Chokeberry Products and By-Products as the Potential Pharmaceuticals for Kidney Protection-An Experimental Study in Rats.

The study aimed to investigate the protective effects of chokeberry fruit products and by-products against cisplatin-induced acute nephrotoxicity in rats. Potential mechanisms involving oxidative stress and inflammatory responses were examined through biochemical and histopathological analyses of kidney tissue. Chokeberry waste, along with the whole fruit extract and juice, was evaluated as a potential raw material for pharmaceutical use. The chemical composition of chokeberry juice and extracts was analyzed using spectrophotometry and HPLC. Rats were treated with chokeberry preparations via intragastric tube for ten days, with a single intraperitoneal dose of cisplatin (8 mg/kg BW) administered on the third day. Post-sacrifice, plasma samples were analyzed for biochemical nephrotoxicity markers, oxidative stress, and inflammatory markers.

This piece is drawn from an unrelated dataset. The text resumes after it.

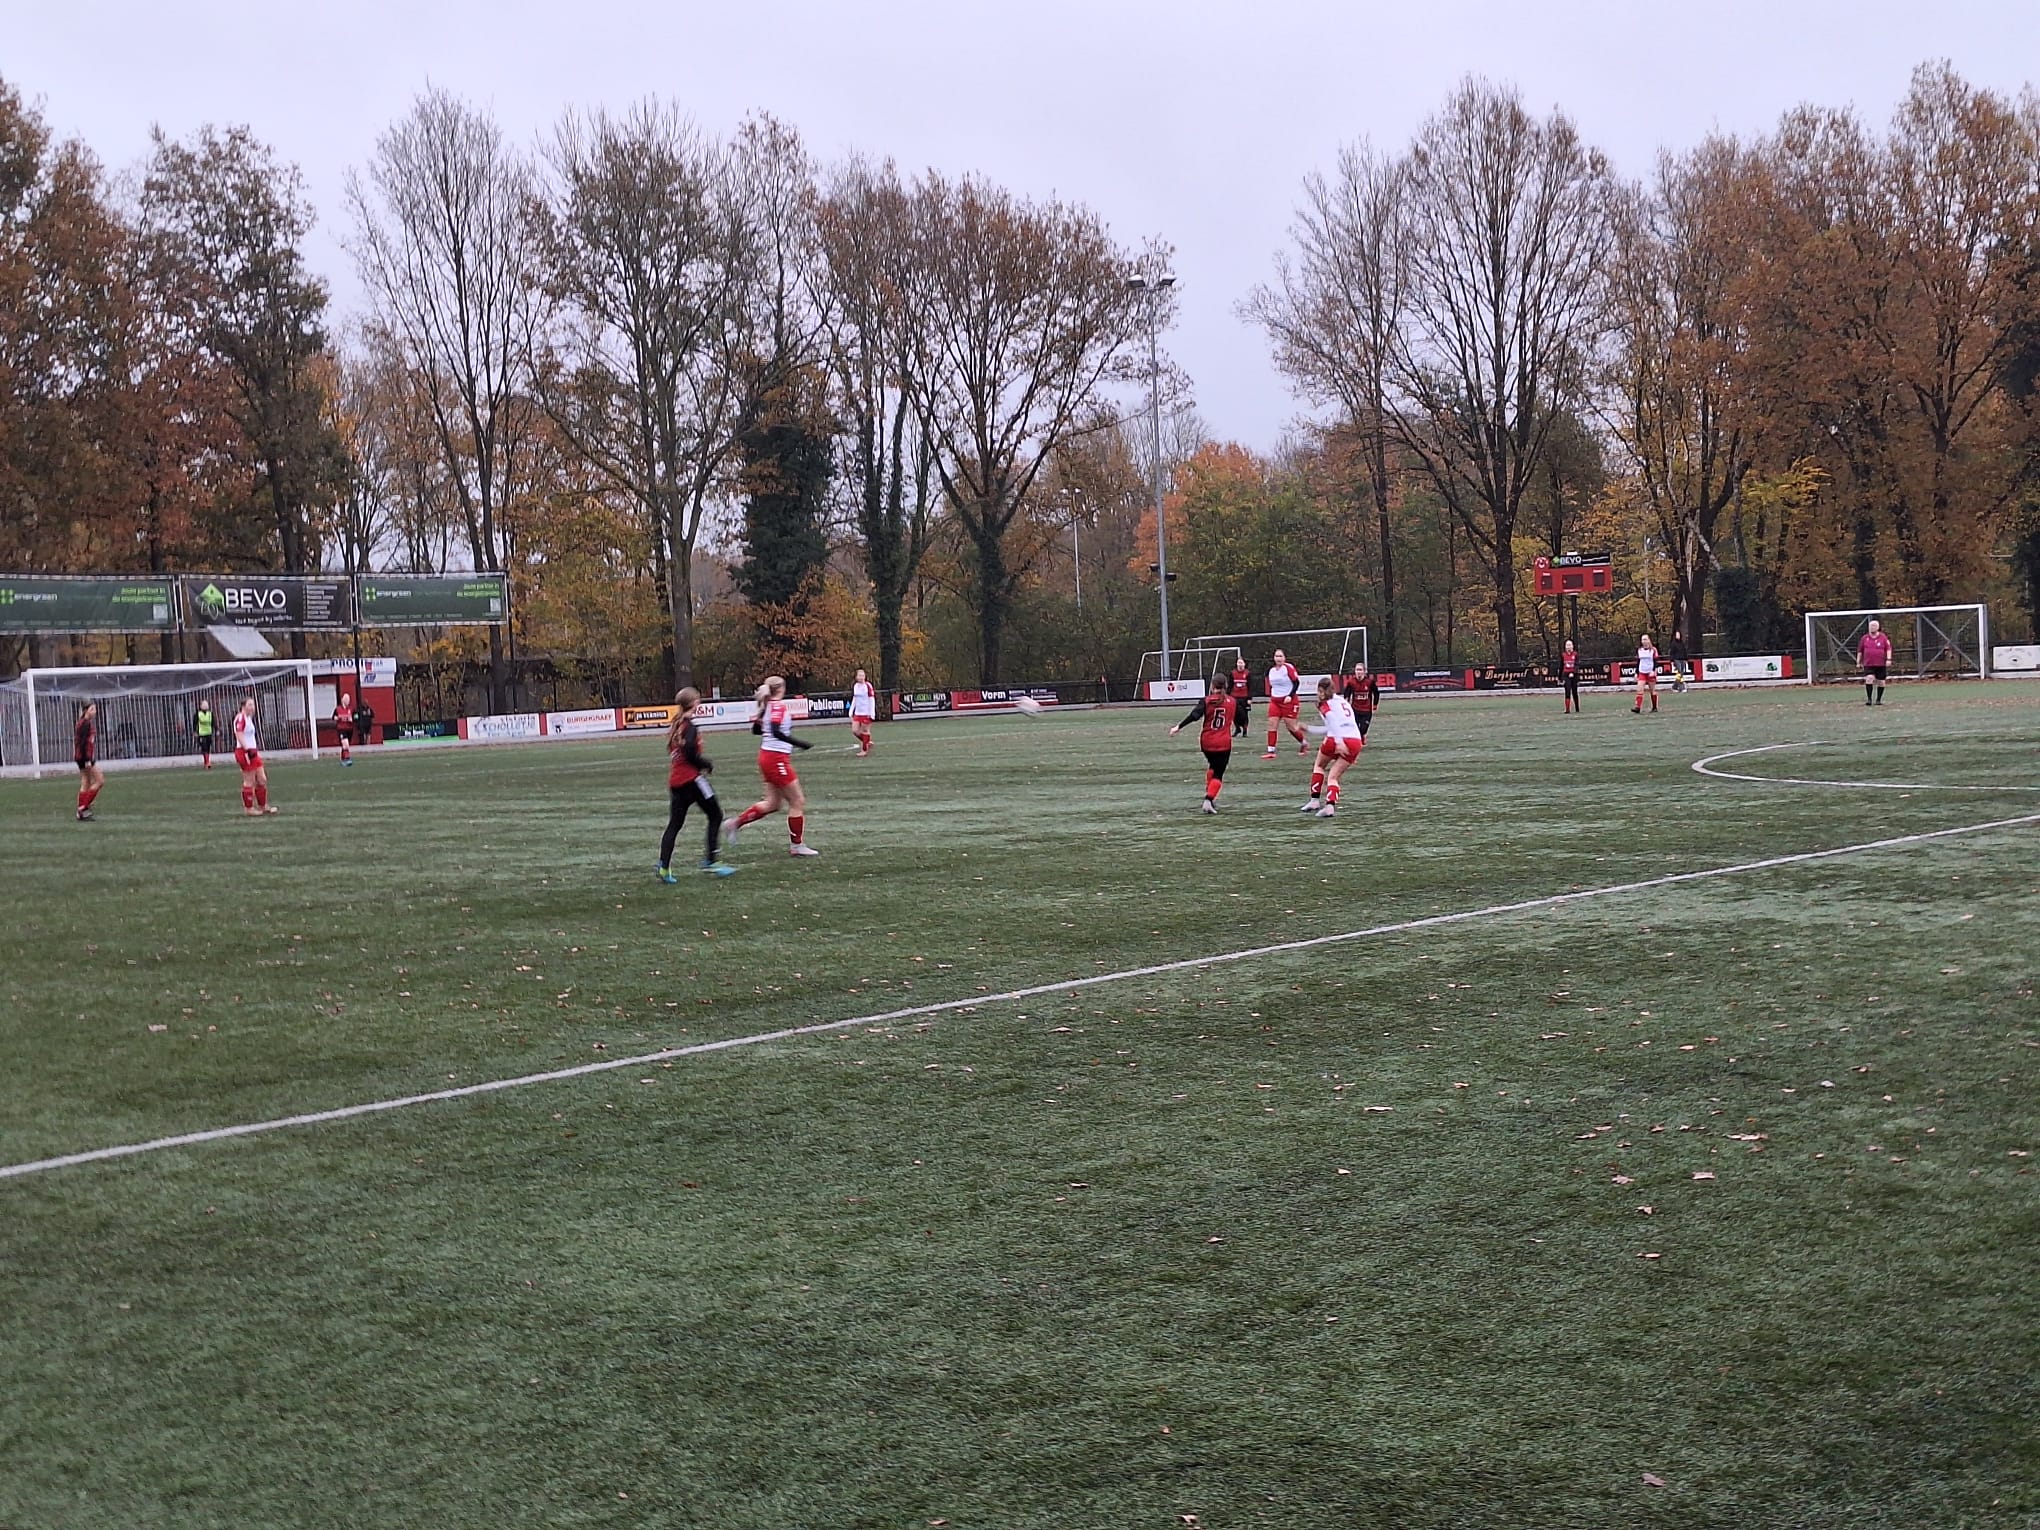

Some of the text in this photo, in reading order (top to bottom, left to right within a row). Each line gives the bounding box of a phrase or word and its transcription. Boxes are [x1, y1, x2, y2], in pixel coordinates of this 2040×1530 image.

Kidneys were removed for histopathological and biochemical analysis. Cisplatin-induced acute nephrotoxicity was confirmed by elevated plasma creatinine and blood urea nitrogen levels. Additionally, lipid peroxidation was significantly elevated, while reduced glutathione and catalase activity were significantly reduced. Pro-inflammatory mediators IL-1, TNF-, and IL-6 levels were significantly increased in the cisplatin group. Treatment with chokeberry extracts and juice significantly mitigated these nephrotoxic effects, as confirmed by histopathological examination and biochemical marker analysis. Notably, the waste extract demonstrated greater efficacy than the whole fruit extract, likely due to its higher concentration of polyphenolic compounds, especially anthocyanins. These results highlight the potential of chokeberry as a therapeutic and preventive agent for kidney protection, emphasizing the value of by-products rich in biologically active compounds.